About this task » Everything from the line with "this 1280×1652 image." to the final line of the entries is to be set down exactly, except the pictures.

Records for this exercise »
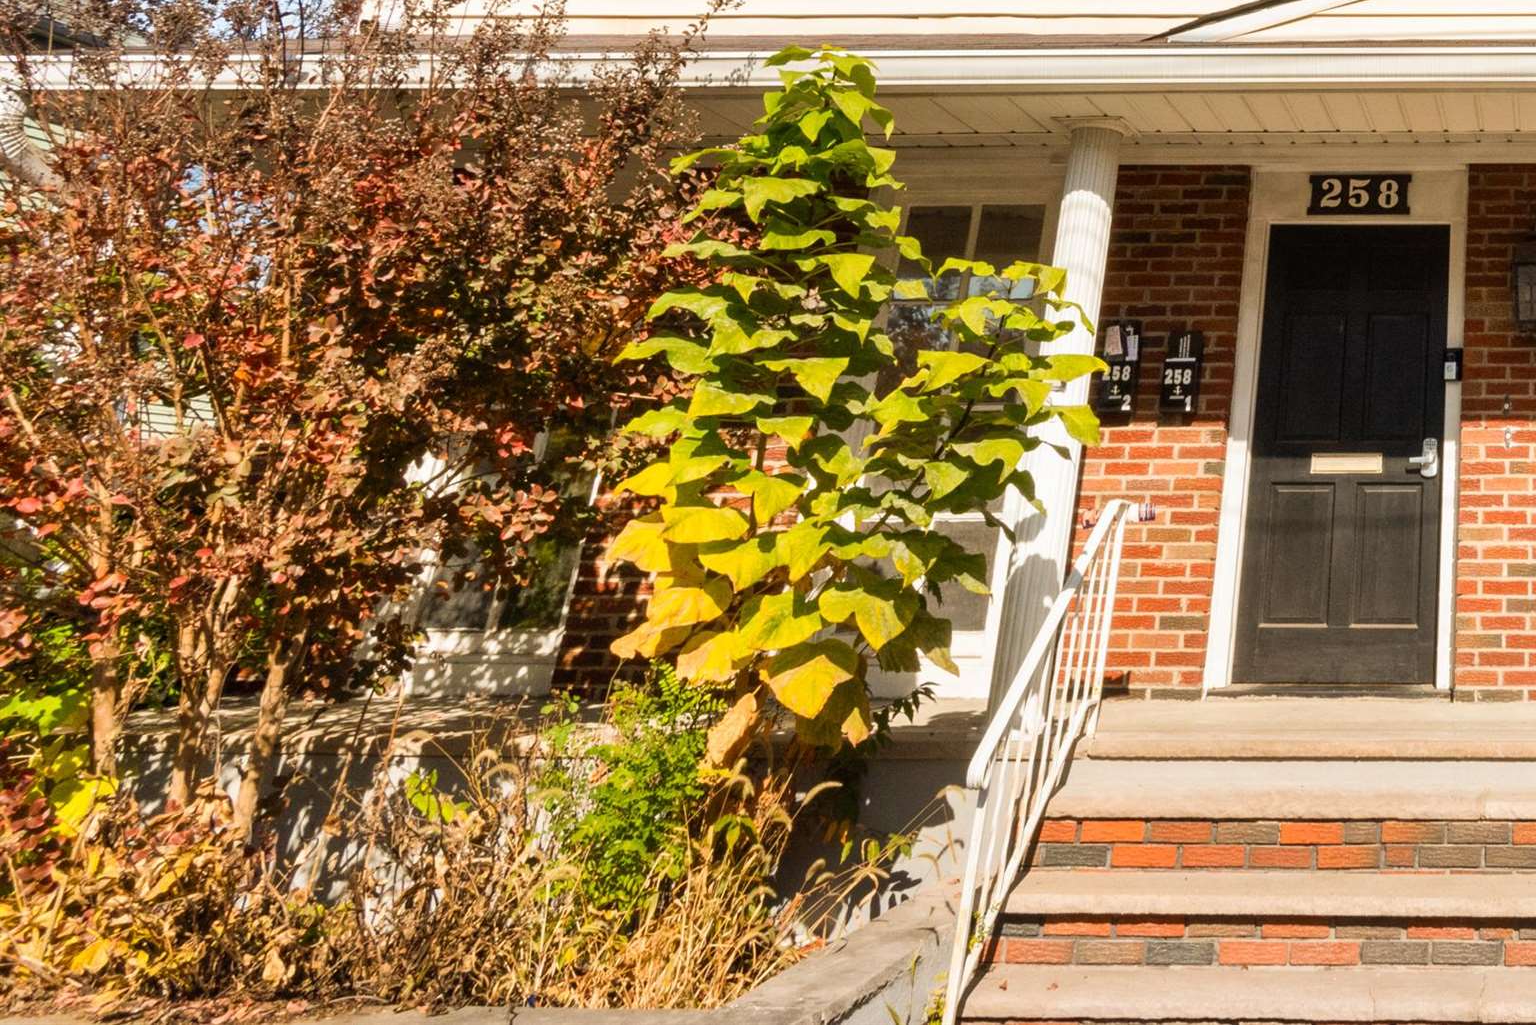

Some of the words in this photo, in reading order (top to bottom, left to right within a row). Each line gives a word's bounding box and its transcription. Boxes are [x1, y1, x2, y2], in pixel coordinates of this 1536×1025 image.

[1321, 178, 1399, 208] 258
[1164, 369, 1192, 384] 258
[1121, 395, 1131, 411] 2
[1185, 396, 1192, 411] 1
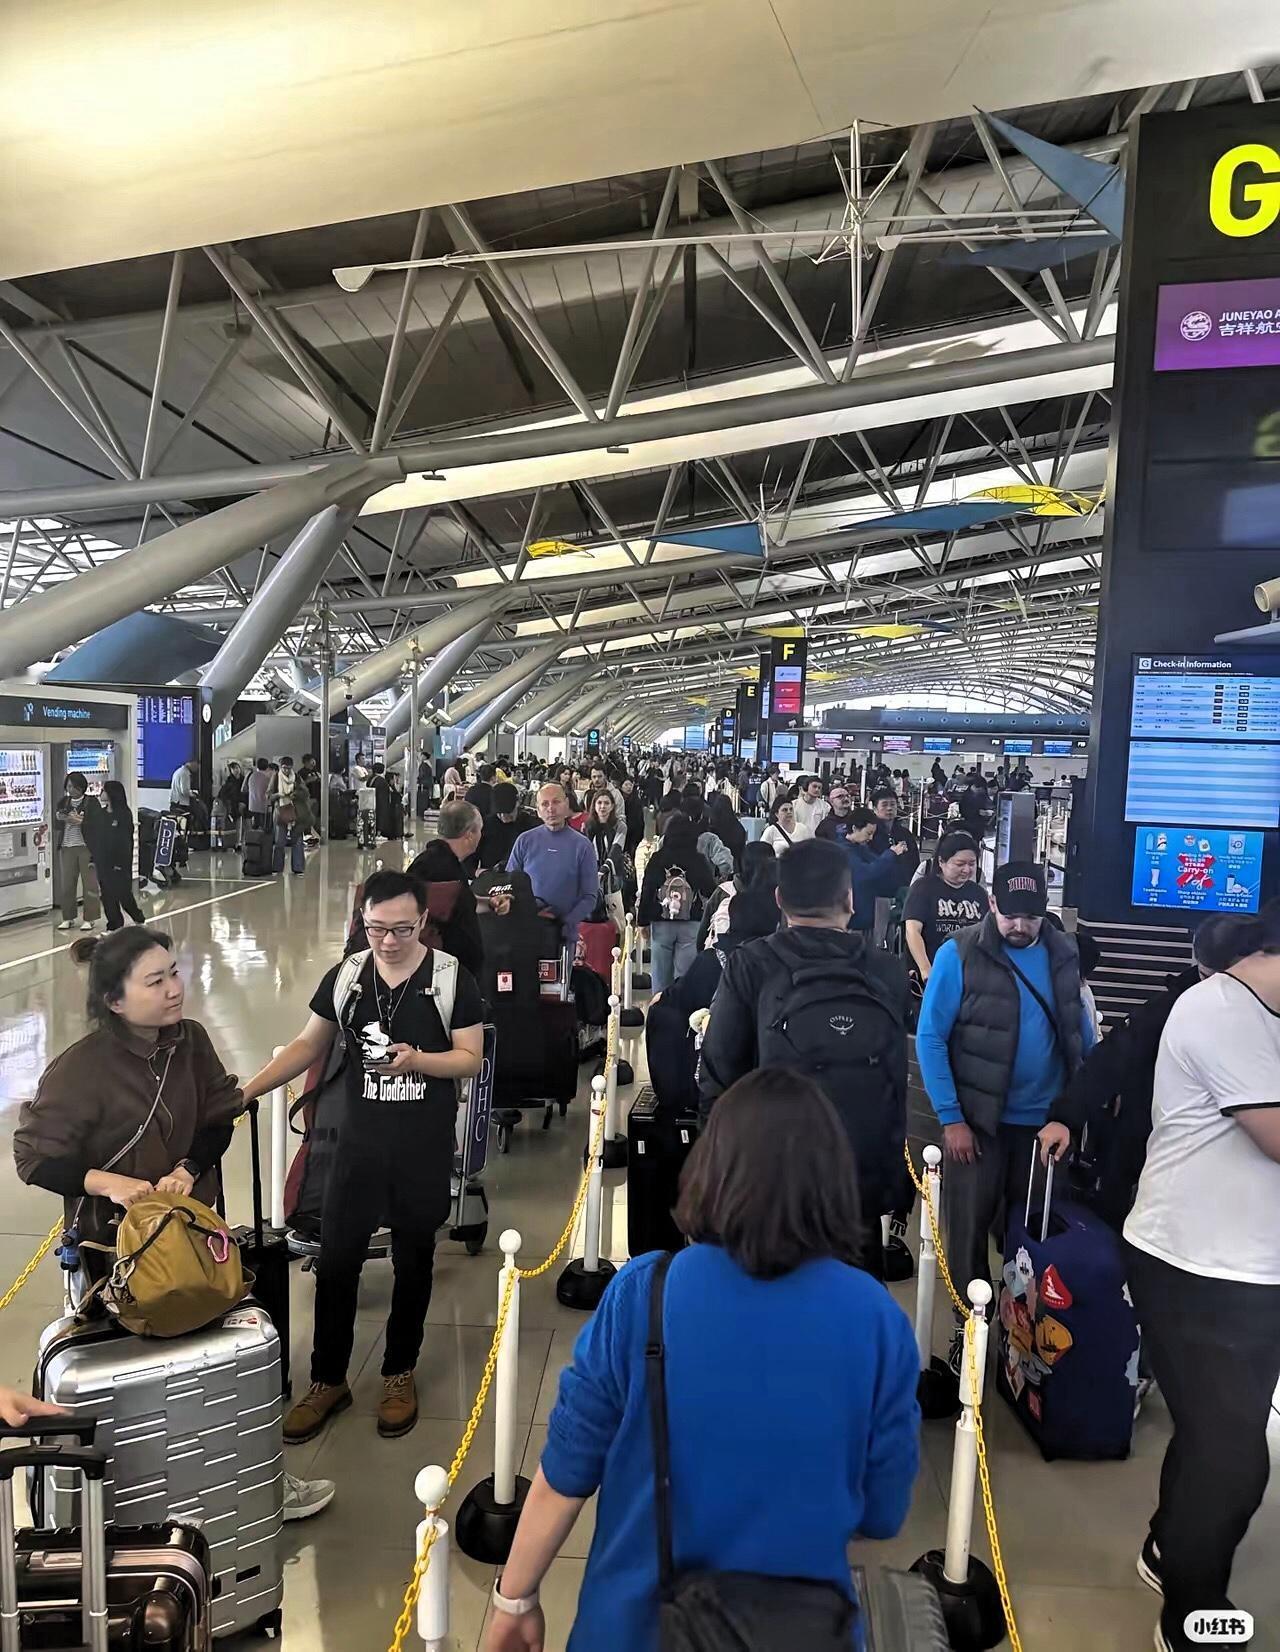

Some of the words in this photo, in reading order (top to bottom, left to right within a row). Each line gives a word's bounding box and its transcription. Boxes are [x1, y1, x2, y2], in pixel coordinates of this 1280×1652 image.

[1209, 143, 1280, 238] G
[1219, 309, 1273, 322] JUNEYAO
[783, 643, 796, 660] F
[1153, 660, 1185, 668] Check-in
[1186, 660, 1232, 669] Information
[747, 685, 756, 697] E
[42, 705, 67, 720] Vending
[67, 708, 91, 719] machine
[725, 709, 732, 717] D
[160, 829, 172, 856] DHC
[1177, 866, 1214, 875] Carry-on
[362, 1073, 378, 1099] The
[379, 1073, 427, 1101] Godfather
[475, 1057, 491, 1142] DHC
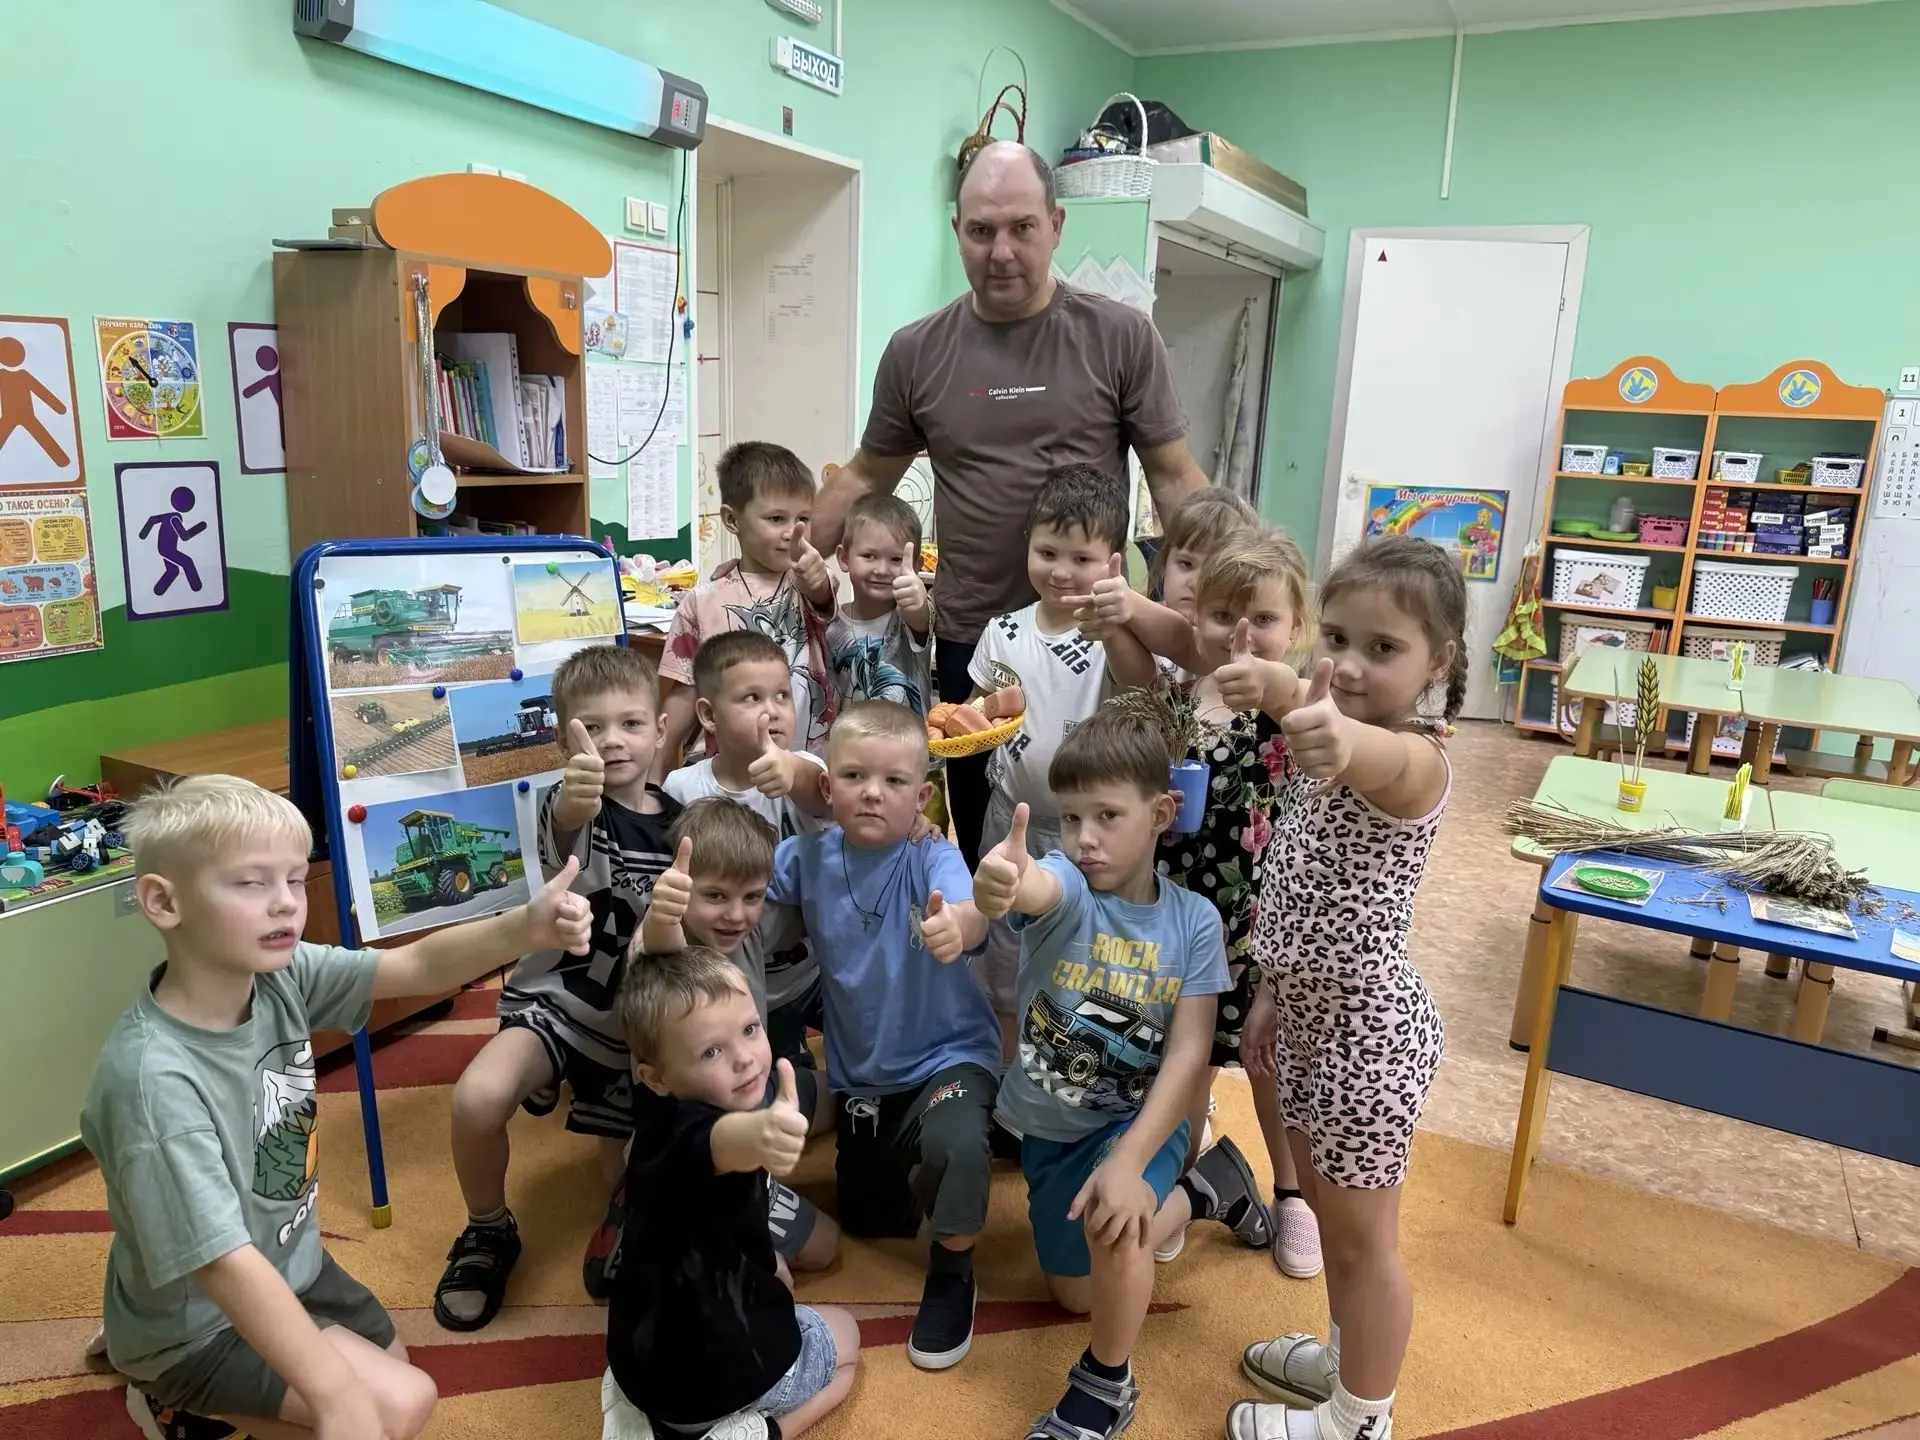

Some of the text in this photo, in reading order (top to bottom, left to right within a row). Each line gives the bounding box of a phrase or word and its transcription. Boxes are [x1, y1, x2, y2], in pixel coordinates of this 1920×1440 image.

Answer section »
Some of the words in this photo, in reading order (top to bottom, left to right within a row). Each line gives a word's bounding box and its transcription. Boxes are [x1, y1, x2, y2], in pixel coordinates of this 1280×1652 image.

[1209, 143, 1280, 238] G
[1219, 309, 1273, 322] JUNEYAO
[783, 643, 796, 660] F
[1153, 660, 1185, 668] Check-in
[1186, 660, 1232, 669] Information
[747, 685, 756, 697] E
[42, 705, 67, 720] Vending
[67, 708, 91, 719] machine
[725, 709, 732, 717] D
[160, 829, 172, 856] DHC
[1177, 866, 1214, 875] Carry-on
[362, 1073, 378, 1099] The
[379, 1073, 427, 1101] Godfather
[475, 1057, 491, 1142] DHC

Some of the text in this photo, in reading order (top to bottom, left to right within a row). Each line gives the bounding box of a phrase or word and its transcription. Boxes are [x1, y1, x2, y2], in pixel coordinates of this 1920×1440 image.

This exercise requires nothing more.